Adam Savage in Awe of Star Wars' Resistance Bomber Model!

⏱ 20 min video · 3 min read28 May 2026Worth watching
TL;DR
Adam Savage hosts modeler 'Bobble' who brings two stunning Star Wars ship models — a 1/72 scale Star Fortress (resin 3D printed) and a 1/144 scale Hammerhead Corvette (traditional scratch build) — to discuss techniques, materials, and philosophy behind high-end scale modeling. The conversation dives deep into resin printing challenges, panel line depths, weathering methods, and fiber optic lighting systems.
Key points
1
Bobble spent 1.5 years developing and iteratively printing the 1/72 scale Star Fortress resin model, which consists of 200+ individual printed pieces held together with magnets for easy painting and disassembly
2
Panel lines on the resin model are achievable down to 200 microns (twice the width of a human hair), but Bobble recommends starting at 300 microns and iterating, as going too deep can corrupt the print
3
The hairspray chipping technique with two layered brown coats — each locked in with clear coat — produces the realistic rust and metal weathering effects seen on the model
4
Engine weathering involved 4-5 layers of oil paint applied over several weeks, with each layer partially faded by reapplying base paint on top before adding the next oil layer
5
Bobble uses custom resin-printed LED holders shaped like salt shakers, with fiber optic wires press-fit into ports and secured with PVA glue (not super glue, which would make the fiber brittle) to light the models
Actionable insights
For resin panel lines, start at 300 microns depth; going deeper risks print failures, so iterate carefully and always do painting tests on sample prints first
Use PVA (white glue) rather than super glue to fix fiber optic wires into LED holders — super glue causes the fiber to become brittle and fail
The hairspray chipping technique works best in two distinct layers: apply brown, chip it, seal with clear coat, then repeat — giving richer, more dimensional weathering than a single pass
Orient resin prints to minimise print line stepping on visible surfaces, but budget for sanding regardless — Bobble estimates removing ~30 microns per surface during finishing
When scratch building with styrene, use mismatched kit parts (e.g. a Bandai Millennium Falcon piece on a Corvette) as happy accidents that add authentic dimension and detail
Notable quotes

I am always painting things and making them so that they work for camera. You have made a model that rewards the person in the presence of the model.

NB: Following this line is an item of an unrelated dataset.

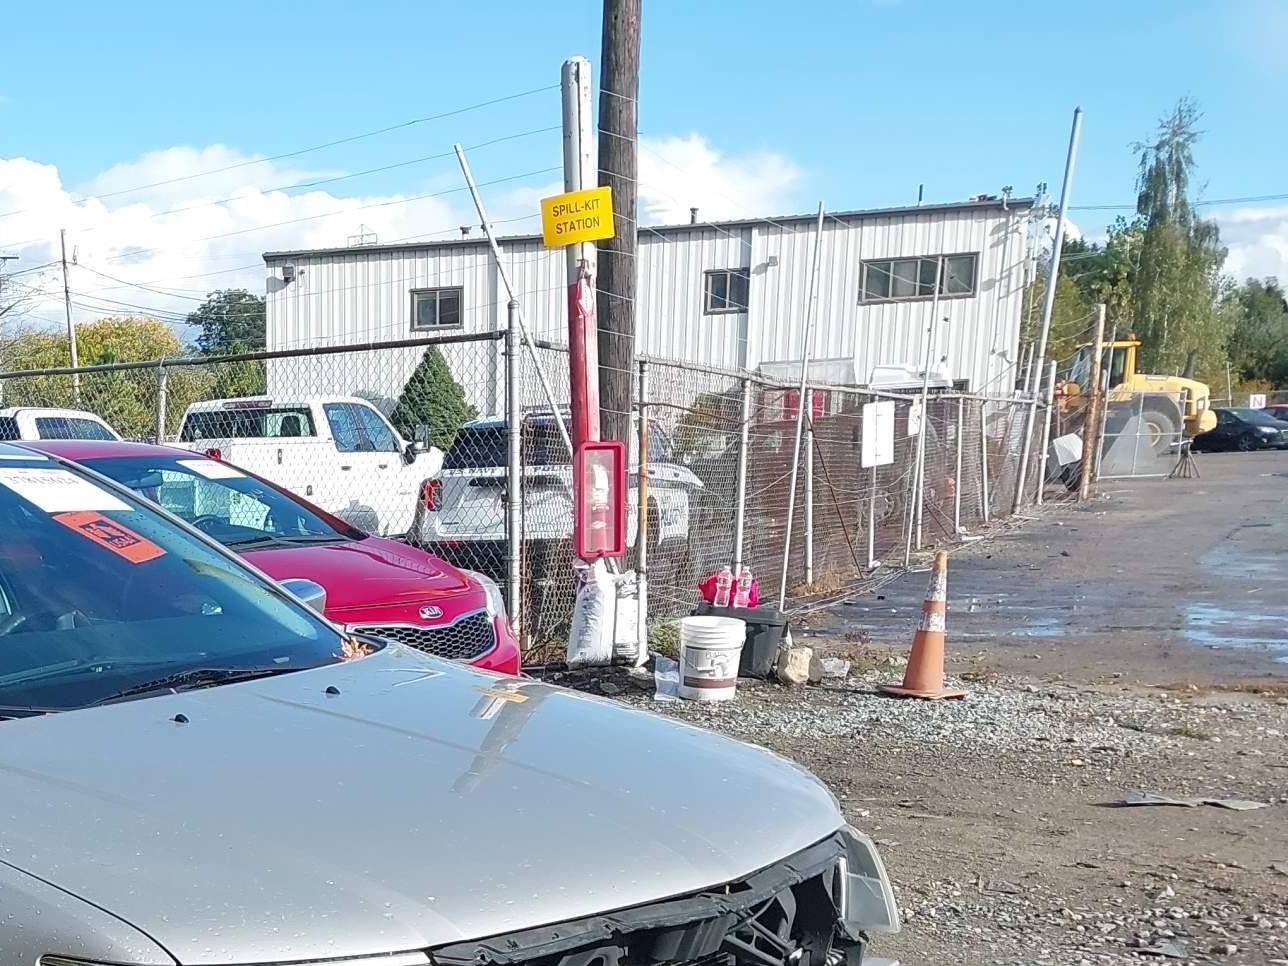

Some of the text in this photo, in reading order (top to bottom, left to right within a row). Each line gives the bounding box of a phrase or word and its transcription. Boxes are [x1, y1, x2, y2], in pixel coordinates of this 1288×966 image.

I know most people won't see that piece that I have in there, but I know it is there, and I want it to be as good as possible.

I am always thinking of it as a conversation between me in the present and me in the future. Me in the present is like, God, this sucks. But me in the future is going to be so happy when I am painting this thing.

Worth watching?
Worth watching the full video?
Watch if you want to actually see the models up close with Adam handling and examining them — the visual detail is stunning and hard to fully appreciate from the summary alone.